Wednesday 28 December 2011

Nutrition Information and Labelling

December 28, 2011




























Several empirical studies indicate that the label is an instrument that reduces the asymmetric information problem between producers and consumers, as well as reduces the search costs for consumers to meet their desired choices.

Food labelling is a tool to promote and protect public health by providing accurate nutritional information so that consumers can make informed dietary choices, while others consider it as an instrument of marketing and product promotion.

The recently-published WHO-FAO (World Health Organisation-Food & Agriculture Organisation) report on diet, nutrition and the prevention of chronic diseases suggested that nutrition labels are an important means of facilitating choice of and access to nutrient-dense foods. The WHO global strategy on diet, physical activity and health endorsed in May 2004 by the World Health Assembly, states that providing accurate, standardised and comprehensible information on the content of food items is conducive to consumers making healthy choices.

According to 2005 Online Consumer Opinion Survey by A C Nielsen, most Indians (41 per cent) check nutritional labels when purchasing a product for the first time. Interestingly, however, consumers are most concerned with the nutritional information on food labels when buying food products for their children (Murali, 2006; Baisya, 2007).

Amendments
The disclosure of information on food labels in India is primarily governed by the Prevention of Food Adulteration Act, 1954, which has primarily focussed on the basic information of the product on the food labels and put less emphasis on health and nutritional information to be given on the food labels. However, recent amendments on packaging and labelling of food under part VII of the Prevention of Food Adulteration Rules, 1955, has mandated to disclose the health and nutritional claims on the food labels along with basic information. The new integrated Food Safety and Standards Act (FSSA), 2006, also aims at establishing a single reference point for all matters relating to food safety and standards across the country, by moving from multi-level, multi-departmental control to a single line of command. Chapter IV, paragraph 23 of the FSSA clearly states that no person shall manufacture, distribute, sell or expose for sale, or dispatch or deliver to any agent or broker for the purpose of sale any packaged food product which is not marked and labelled in the manner as may be specified by regulation. The Food Safety and Standards Authority of India has already been established to speed up the implementation of various rules and regulations in the Act. A study was conducted to determine and analyse the nutritional information on the packaging of major packaged food products of leading Indian & multinational brands being marketed in India. (Kumar et al, 2011) The analysis clearly indicated that the food processors disclose nutritional information on their food labels to facilitate the consumers in making informed choices as per their corporate strategy.

Labels and consumers
Because almost all food products have embedded credence attributes, it is difficult for consumers to evaluate the quality of food products themselves by looking at the food labels. In general, consumers do not understand the complex and technical information regarding health and nutrition that is given on such labels. However, this information definitely increases consumer confidence about food quality and safety.

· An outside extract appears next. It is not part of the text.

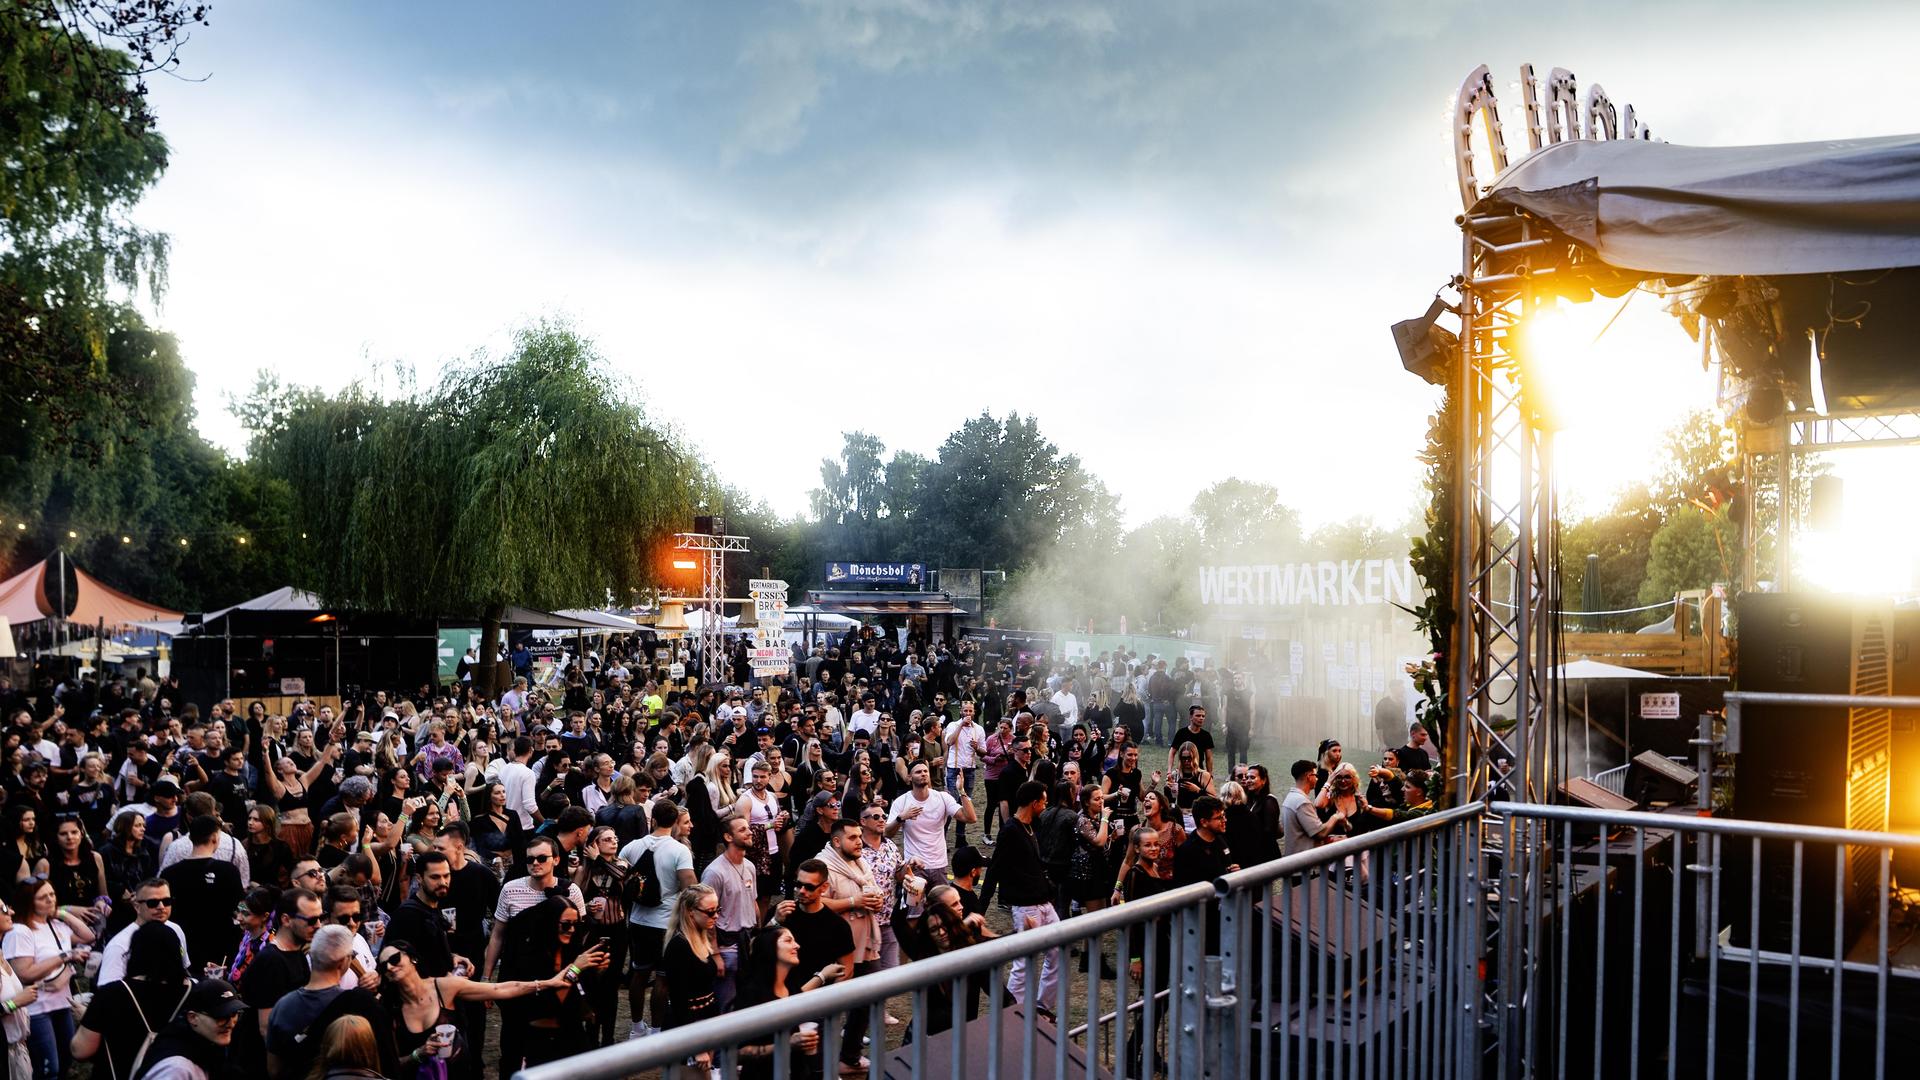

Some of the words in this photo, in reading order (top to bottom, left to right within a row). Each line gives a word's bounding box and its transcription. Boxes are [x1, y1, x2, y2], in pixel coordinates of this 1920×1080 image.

Standardisation and uniformity of information on food labels might help consumers understand the information. But it will not be possible for consumers to assess quality and safety if a food product has been wrongly labelled. Because claims on food labels create expectations among consumers regarding the healthfulness of products, these claims need to be scientifically confirmed and enforced through proper regulatory mechanisms.

Nutritional labelling
The way nutrition labels are formatted influences how effectively they can be used, interpreted and compared by consumers. Regulations are important because they dictate which nutrients are listed and the way that they are expressed quantitatively, along with other aspects of label design. The Codex has encouraged consistency between trading partners, but different countries have developed a diverse array of approaches to these requirements.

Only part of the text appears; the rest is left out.